**What the exercise asks**: Leave the pictures out while you restate every entry below word for word.

Collected data:
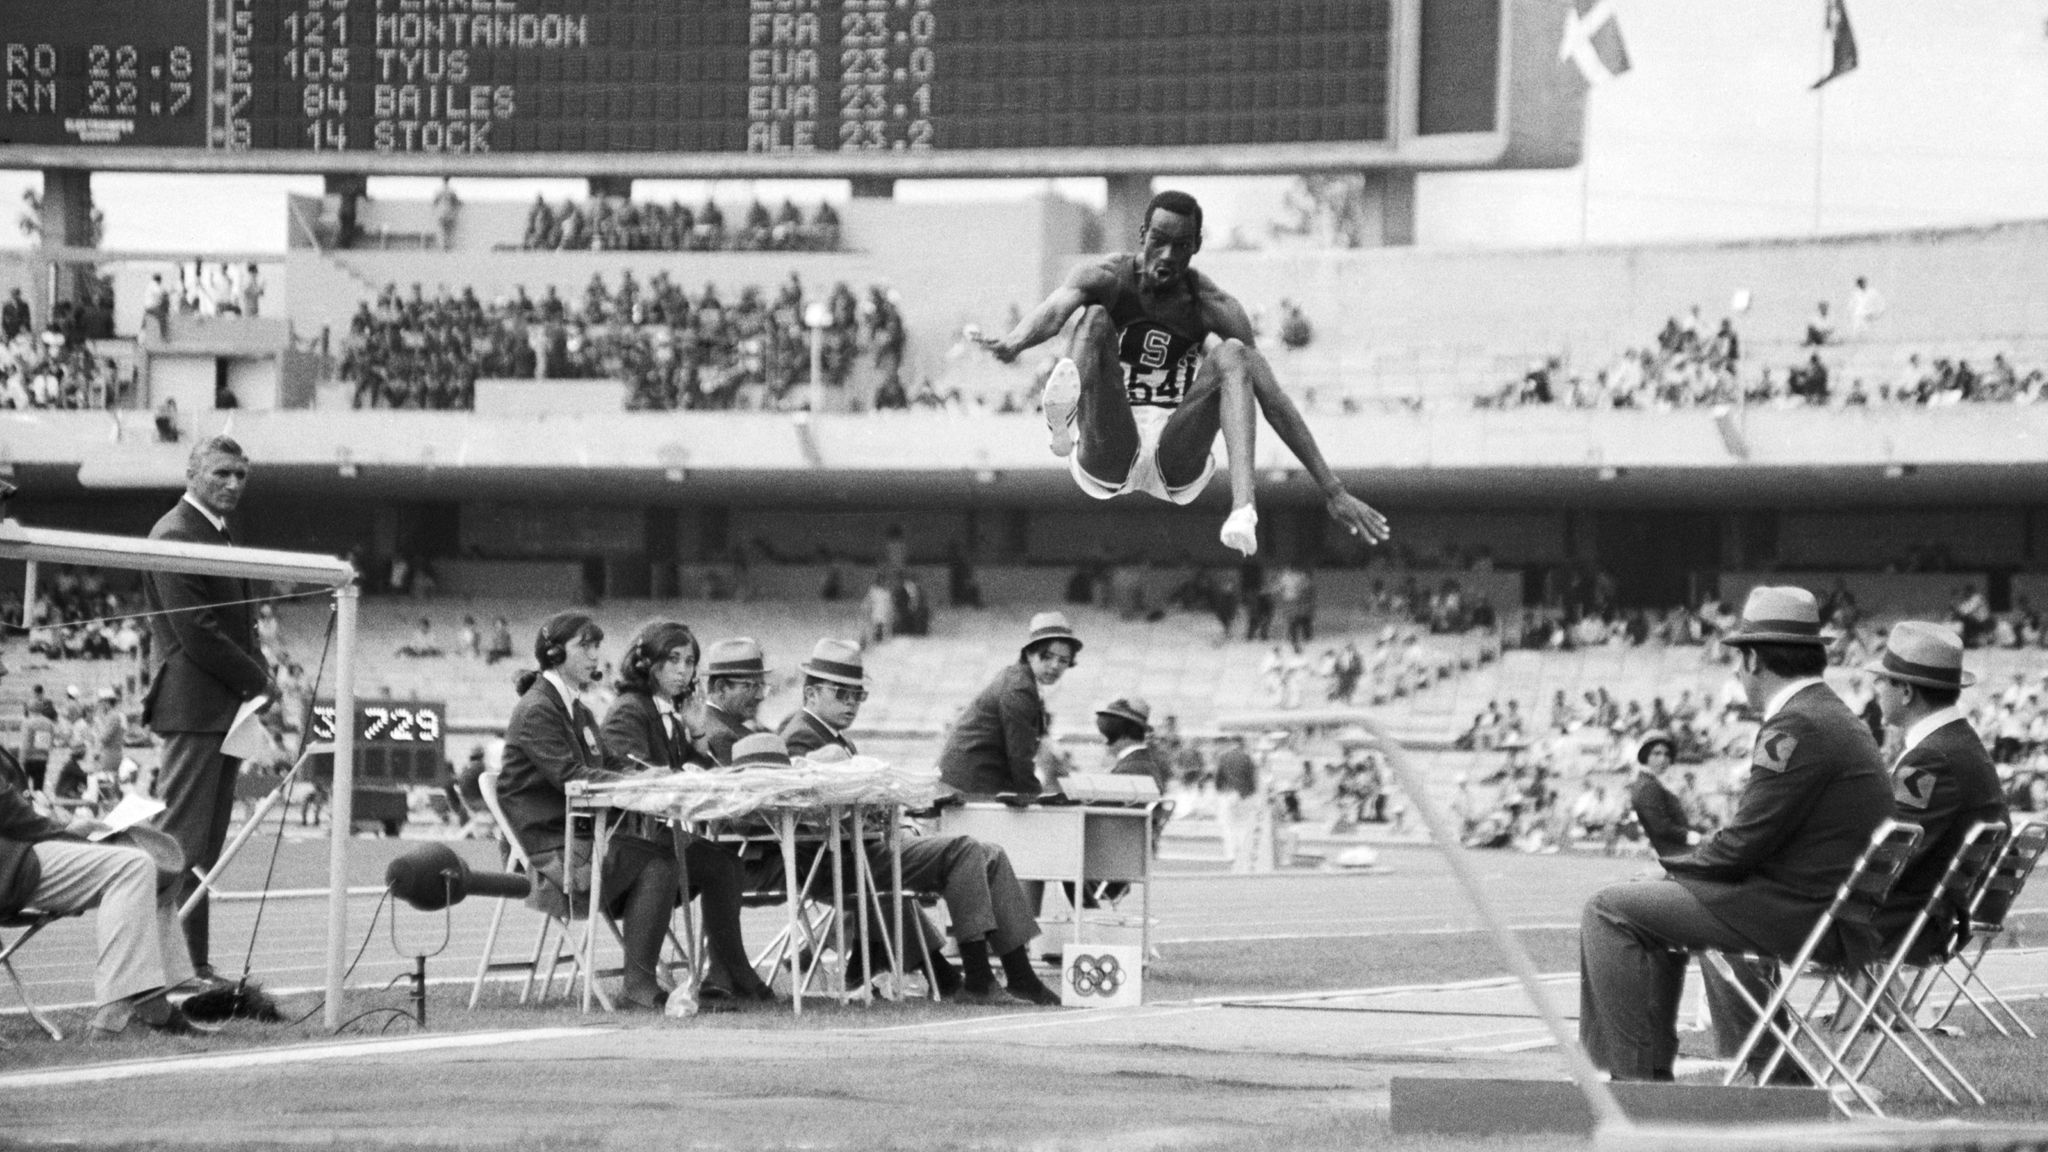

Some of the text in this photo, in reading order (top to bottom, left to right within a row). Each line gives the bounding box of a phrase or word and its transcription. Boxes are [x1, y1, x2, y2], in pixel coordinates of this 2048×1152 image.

[284, 12, 347, 46] 121
[376, 13, 588, 48] MONTANDON
[750, 13, 820, 47] FRA
[841, 11, 936, 48] 23.0
[88, 44, 192, 79] 22.8
[284, 48, 349, 82] 105
[376, 48, 470, 83] TYUS
[749, 49, 819, 84] EUA
[840, 47, 935, 84] 23.0
[7, 79, 192, 116] RM 22.7
[231, 83, 931, 120] 7 84 BAILES EUA 23.1
[307, 119, 346, 153] 14
[374, 120, 492, 154] STOCK
[747, 120, 818, 152] ALE
[838, 119, 934, 152] 23.2
[364, 706, 439, 741] 729
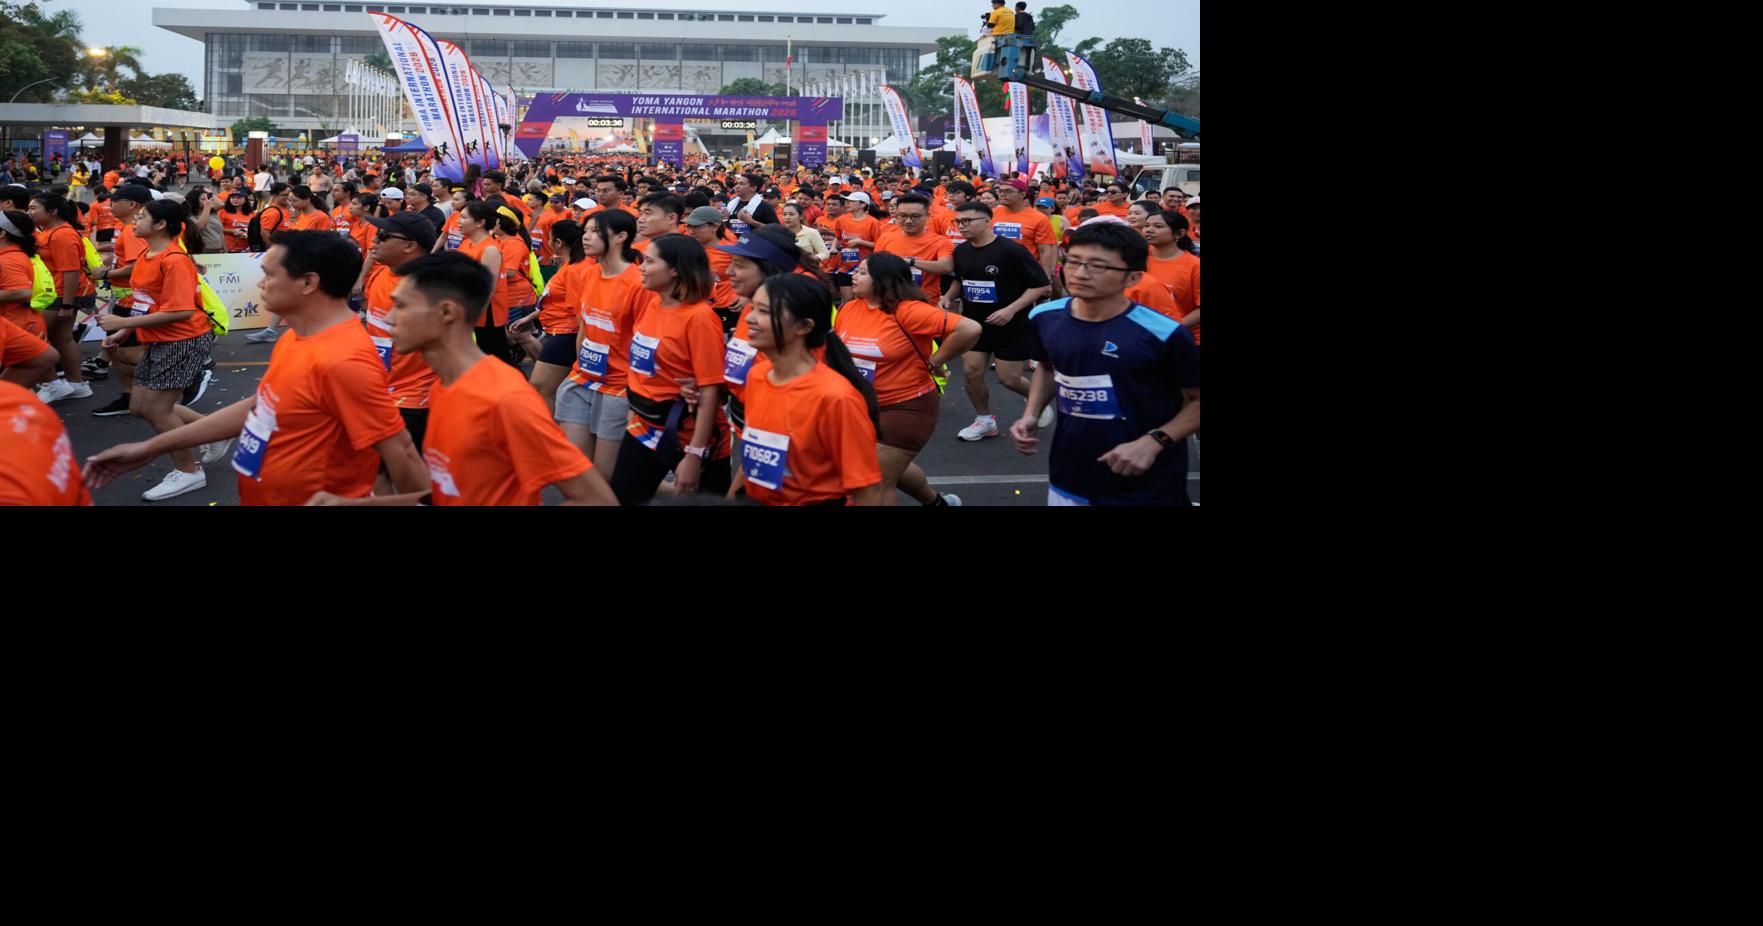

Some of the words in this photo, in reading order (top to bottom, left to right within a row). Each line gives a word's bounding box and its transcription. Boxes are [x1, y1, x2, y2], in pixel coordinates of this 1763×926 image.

[393, 41, 426, 108] INTERNATIONAL
[418, 75, 442, 121] MARATHON
[632, 96, 660, 106] YOMA
[663, 98, 704, 106] YANGON
[422, 108, 433, 131] YOMA
[631, 106, 710, 116] INTERNATIONAL
[713, 107, 769, 117] MARATHON
[461, 113, 469, 132] YOMA
[588, 119, 623, 128] 00:03:36
[220, 276, 240, 284] FMI
[743, 444, 780, 467] F10682
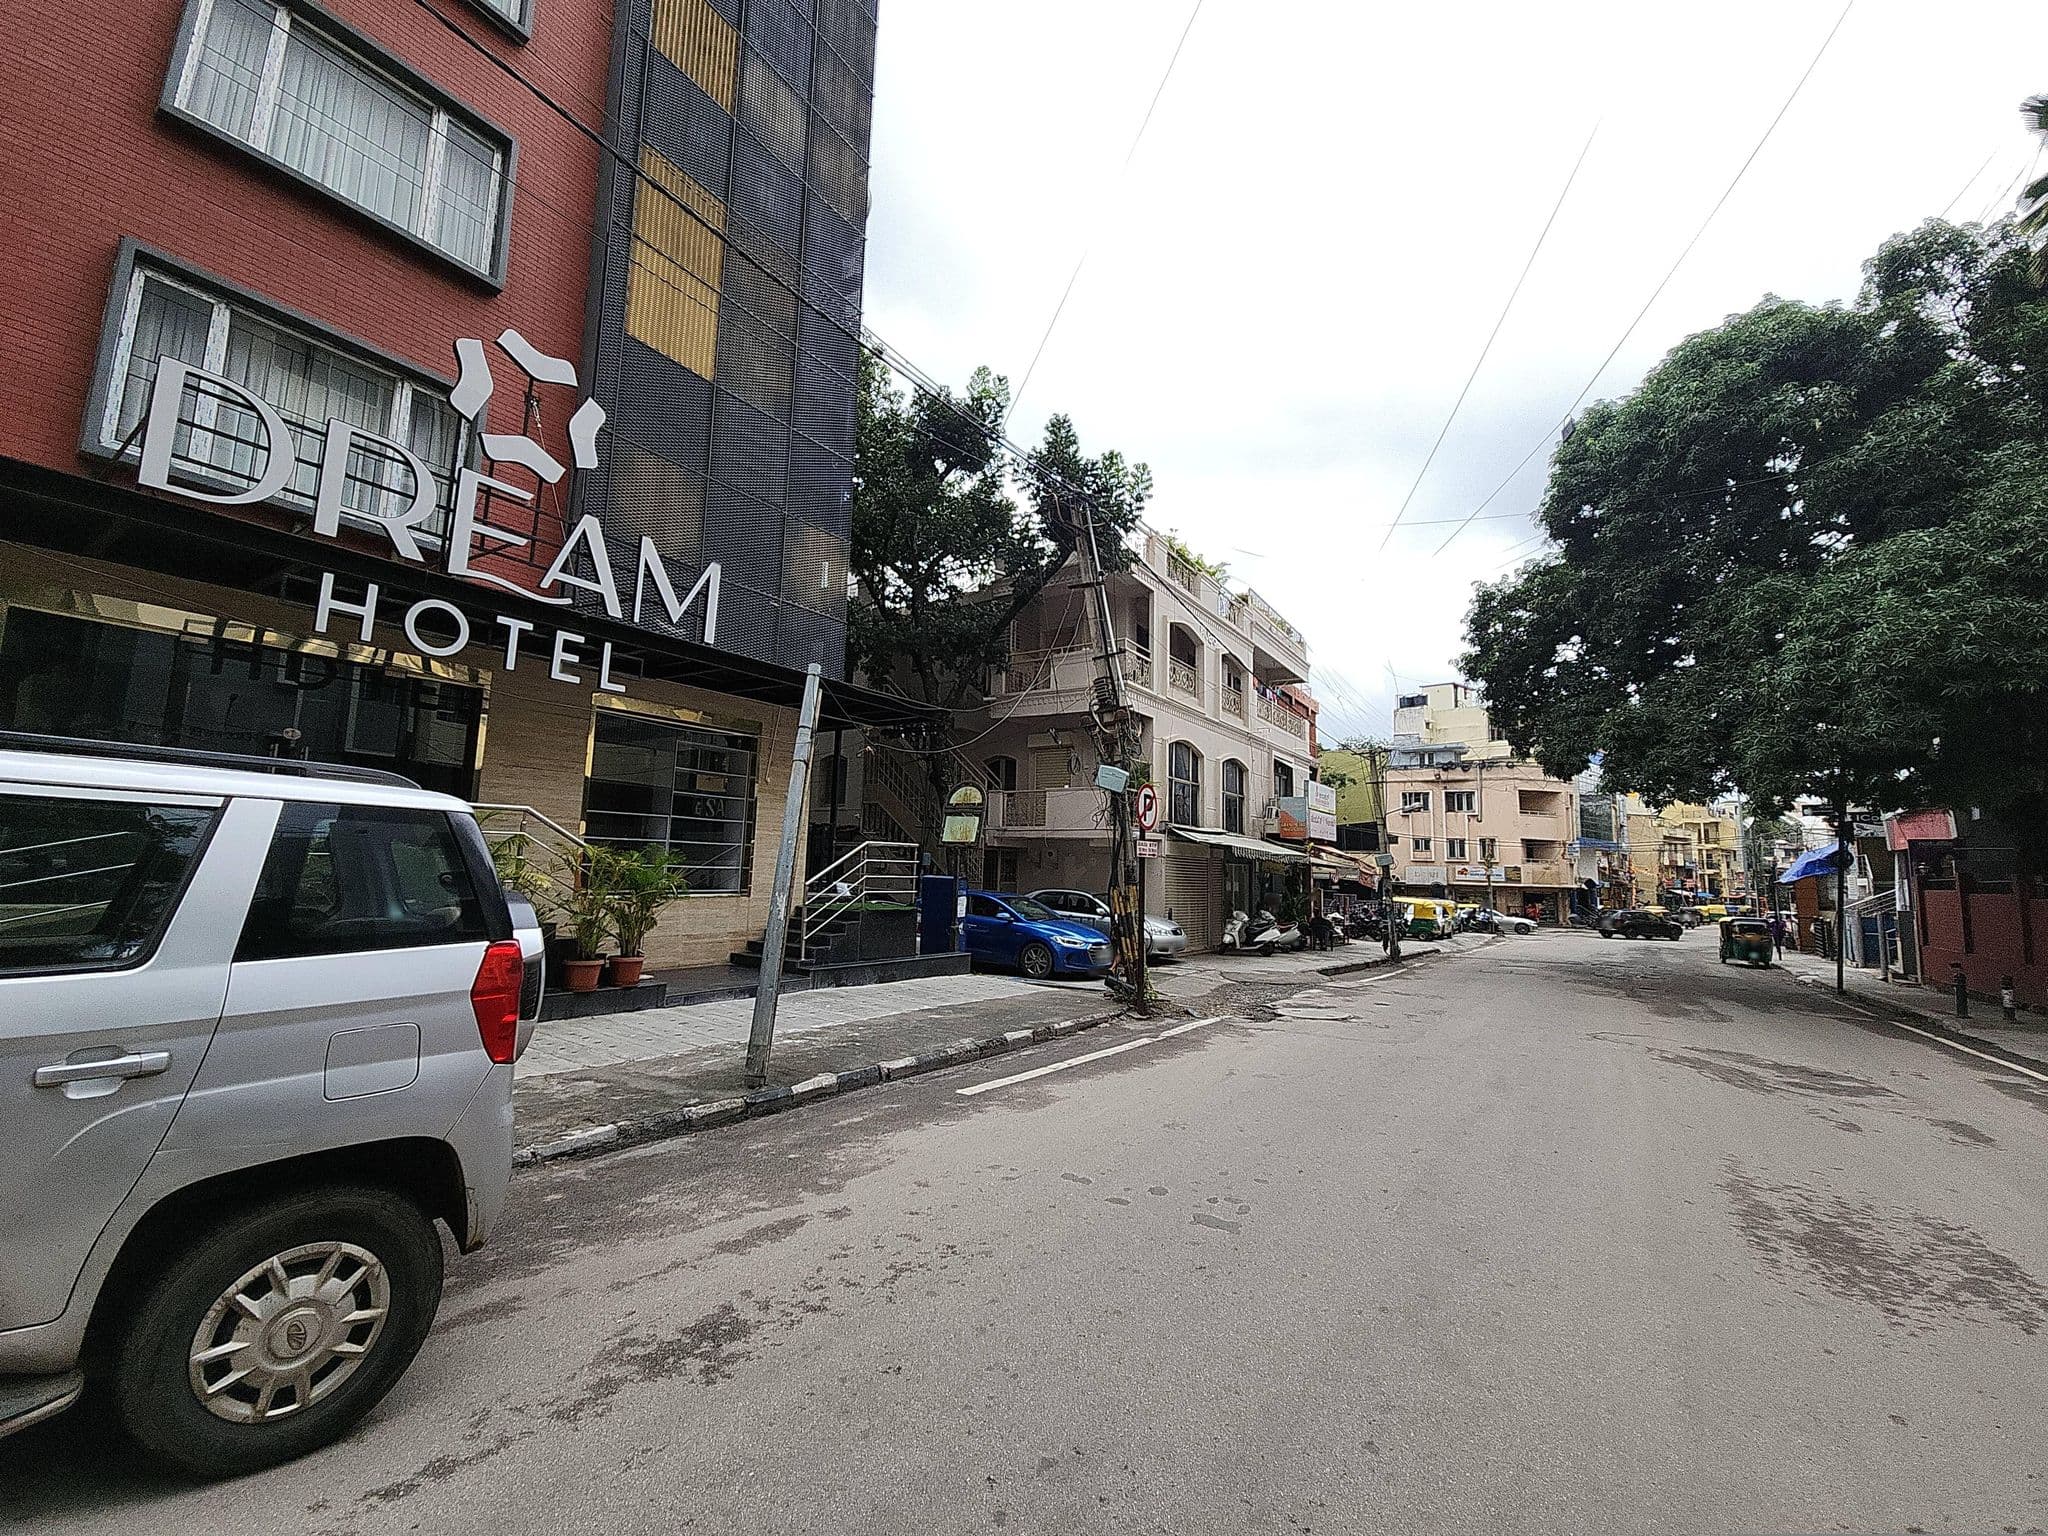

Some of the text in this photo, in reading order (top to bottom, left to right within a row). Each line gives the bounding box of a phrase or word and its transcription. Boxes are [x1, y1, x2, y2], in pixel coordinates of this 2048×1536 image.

**Expected answer**:
Some of the text in this photo, in reading order (top to bottom, left to right within a row). Each line gives the bounding box of a phrase or word and its transcription. Boxes are [x1, y1, x2, y2], in pixel coordinates of this 2048×1152 image.

[284, 12, 347, 46] 121
[376, 13, 588, 48] MONTANDON
[750, 13, 820, 47] FRA
[841, 11, 936, 48] 23.0
[88, 44, 192, 79] 22.8
[284, 48, 349, 82] 105
[376, 48, 470, 83] TYUS
[749, 49, 819, 84] EUA
[840, 47, 935, 84] 23.0
[7, 79, 192, 116] RM 22.7
[231, 83, 931, 120] 7 84 BAILES EUA 23.1
[307, 119, 346, 153] 14
[374, 120, 492, 154] STOCK
[747, 120, 818, 152] ALE
[838, 119, 934, 152] 23.2
[364, 706, 439, 741] 729

Some of the words in this photo, in reading order (top to bottom, left to right within a row). Each line gives a word's bounding box and its transcription. Boxes are [x1, y1, x2, y2], in pixel coordinates of this 1763×926 image.

[393, 41, 426, 108] INTERNATIONAL
[418, 75, 442, 121] MARATHON
[632, 96, 660, 106] YOMA
[663, 98, 704, 106] YANGON
[422, 108, 433, 131] YOMA
[631, 106, 710, 116] INTERNATIONAL
[713, 107, 769, 117] MARATHON
[461, 113, 469, 132] YOMA
[588, 119, 623, 128] 00:03:36
[220, 276, 240, 284] FMI
[743, 444, 780, 467] F10682

Some of the text in this photo, in reading order (top to bottom, left to right within a row). Each line gives the bounding box of a phrase or word and its transcription. Boxes are [x1, y1, x2, y2], in pixel coordinates of this 2048×1536 image.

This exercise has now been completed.